With the line containing "this 1424×1424 image." as the first and the final line of the entries as the last, repeat exactly the lines in that span, including both.

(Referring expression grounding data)
◆ ◆ ◆ ◆ ◆

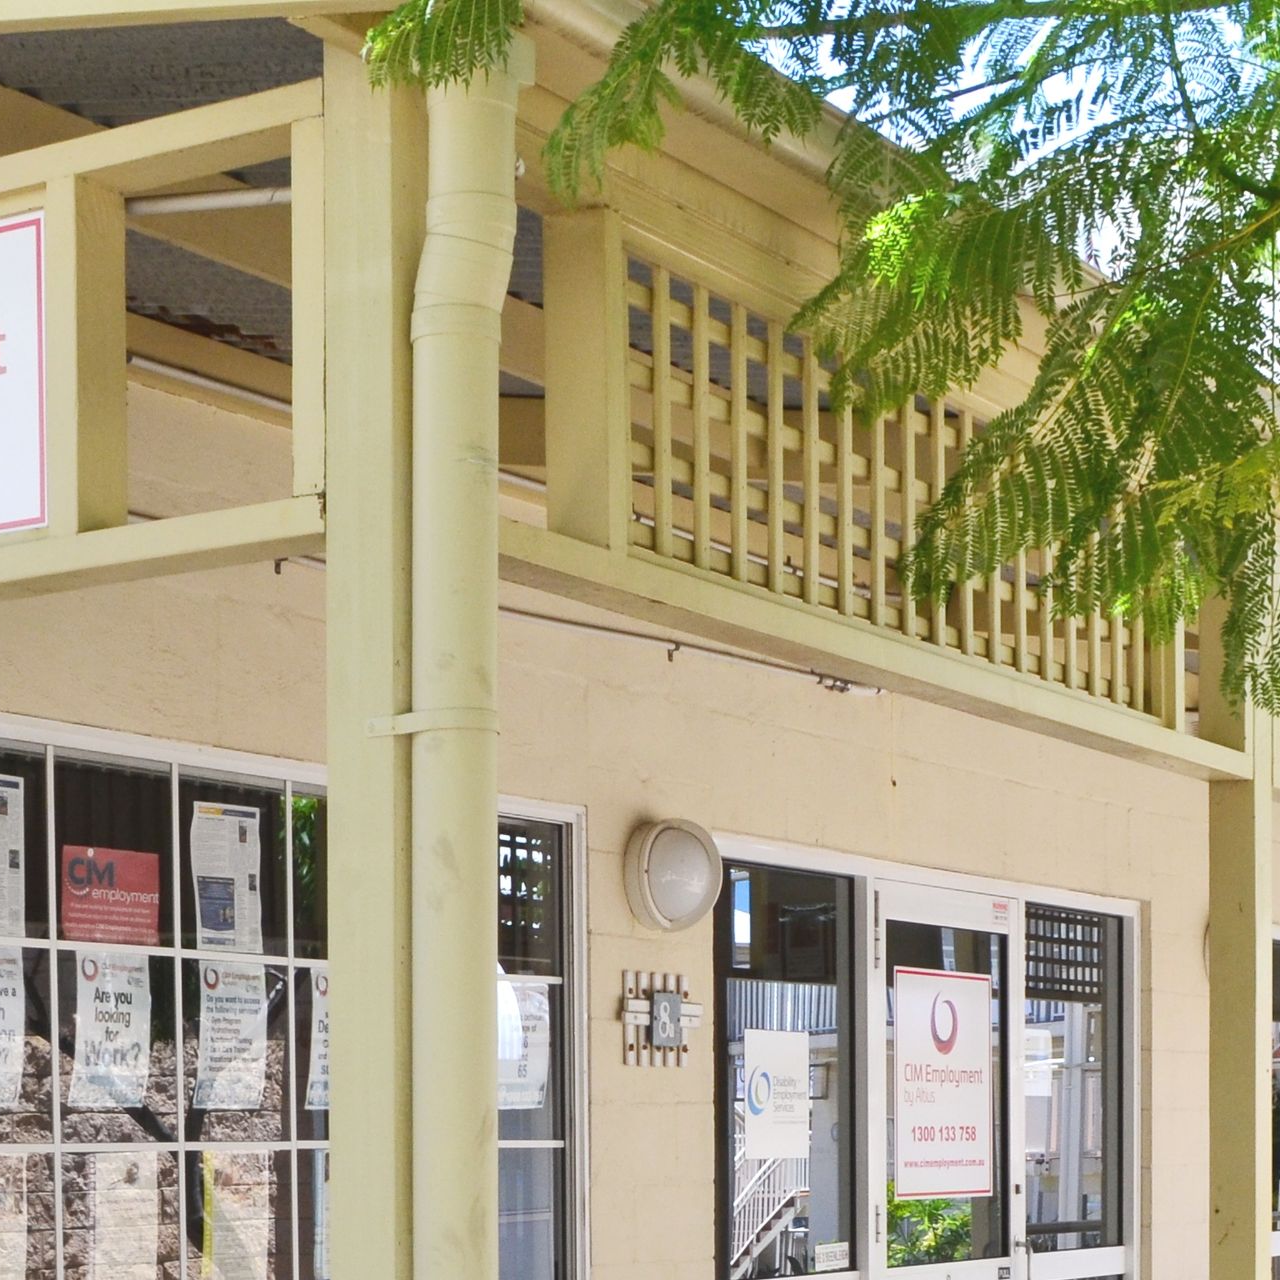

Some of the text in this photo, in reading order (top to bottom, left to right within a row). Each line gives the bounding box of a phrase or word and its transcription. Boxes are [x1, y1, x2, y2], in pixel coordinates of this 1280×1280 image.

[92, 888, 159, 904] employment
[11, 988, 17, 997] a
[94, 987, 133, 1010] Are you
[95, 1007, 131, 1028] looking
[105, 1027, 119, 1042] for
[84, 1040, 141, 1068] Work?
[904, 1063, 983, 1088] CIM Employment
[911, 1126, 977, 1141] 1300 133 758
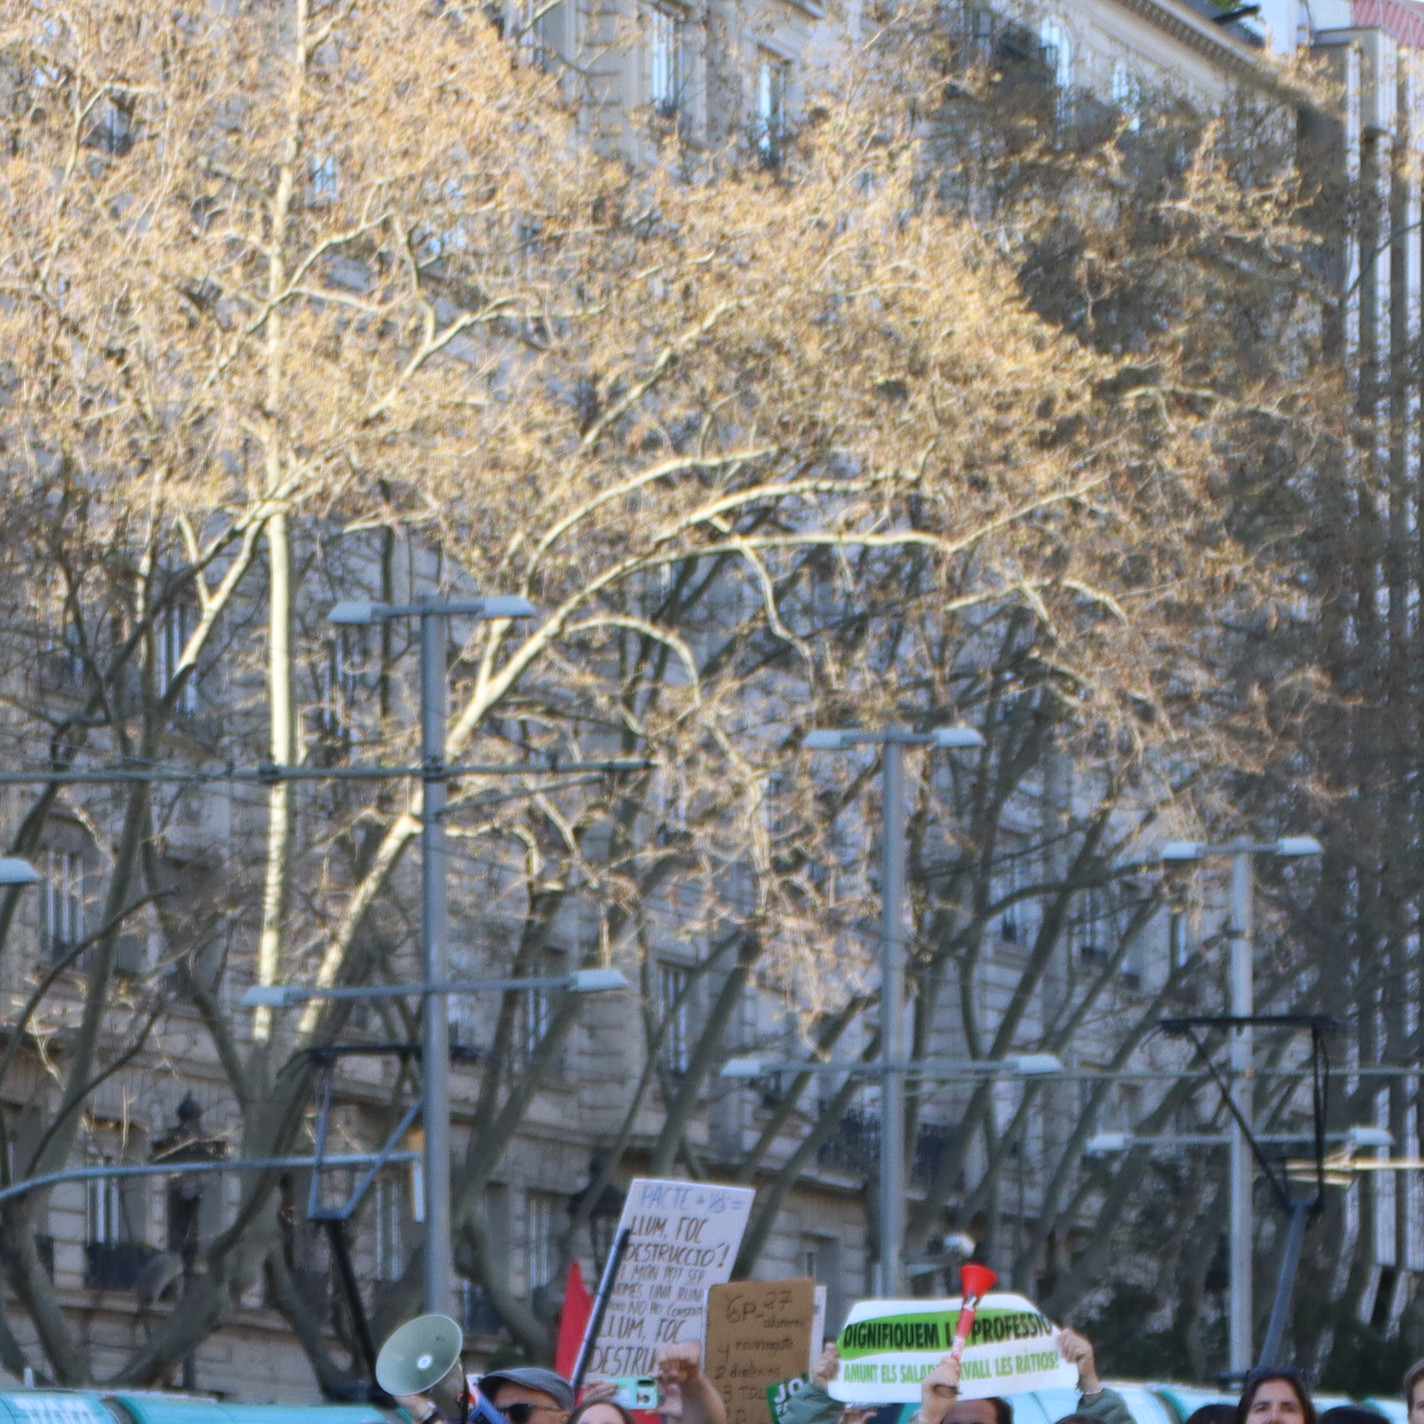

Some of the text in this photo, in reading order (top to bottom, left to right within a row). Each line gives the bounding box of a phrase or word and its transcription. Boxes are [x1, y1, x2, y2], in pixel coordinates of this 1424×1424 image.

[676, 1217, 709, 1243] FOC
[655, 1318, 686, 1344] FOC
[843, 1322, 940, 1349] DIGNIFIQUEM
[587, 1346, 657, 1378] DESTRU
[843, 1363, 878, 1383] AMUNT
[881, 1364, 898, 1383] ELS
[995, 1357, 1013, 1377] LES

◆ ◆ ◆ ◆ ◆

◆ **Expected output**:
Some of the text in this photo, in reading order (top to bottom, left to right within a row). Each line gives the bounding box of a phrase or word and its transcription. Boxes are [x1, y1, x2, y2], in pixel coordinates of this 1424×1424 image.

[676, 1217, 709, 1243] FOC
[655, 1318, 686, 1344] FOC
[843, 1322, 940, 1349] DIGNIFIQUEM
[587, 1346, 657, 1378] DESTRU
[843, 1363, 878, 1383] AMUNT
[881, 1364, 898, 1383] ELS
[995, 1357, 1013, 1377] LES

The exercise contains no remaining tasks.